Quelques semaines après, il fallut procéder au brûlage des bois coupés, et à la récolte de la cendre que l’on utilisait pour la fabrication de la potasse. Le règne de la pulpe n’était pas encore commencé ; et il fallait bien alors détruire sur place, par le feu, tous les arbres dont on voulait débarrasser le sol.

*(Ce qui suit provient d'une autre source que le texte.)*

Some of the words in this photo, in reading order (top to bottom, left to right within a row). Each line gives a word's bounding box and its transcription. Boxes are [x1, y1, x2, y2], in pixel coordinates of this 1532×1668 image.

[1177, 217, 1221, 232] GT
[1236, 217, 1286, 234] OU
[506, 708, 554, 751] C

« C’est la campagne d’Italie qui commence ! » avait dit Jean Rivard à Pierre Gagnon, le matin où il lui montra les quinze arpents d’abatis qu’il fallait nettoyer. Et Pierre Gagnon, et Jean Rivard, et Joseph Lachance, un deuxième domestique que Jean avait engagé pendant sa visite pascale à Grandpré, se mirent immédiatement à l’œuvre du tassage et du brûlage. On fit pendant le jour des feux magnifiques qui illuminaient encore les nuits obscures, et offraient à l’œil des bûcherons les spectacles les plus saisissants. « C’est l’incendie de Moscou ! » disait Pierre Gagnon toujours dévoué à son empereur, et ces saillies de l’imagination le reposaient des dures fatigues de la journée, et faisaient oublier aux brûleurs de la forêt leur visage devenu noir comme celui des Éthiopiens.

« Dès le mois de juin, les quinze arpents de terre défrichés depuis l’arrivée de Jean Rivard à Louiseville se trouvaient complètement ensemencés. » Le blé, l’avoine, l’orge, des légumes et des fleurs poussent maintenant en pleine forêt, dans les champs et dans le jardin de Jean Rivard. Et Jean et ses compagnons voient lever avec un indicible contentement les premières moissons. Ils jouissent déjà du fruit de leur travail ; leur tâche leur paraîtra désormais moins lourde ; il y aura plus de soleil et plus de bonheur dans l’humble cabane du colon.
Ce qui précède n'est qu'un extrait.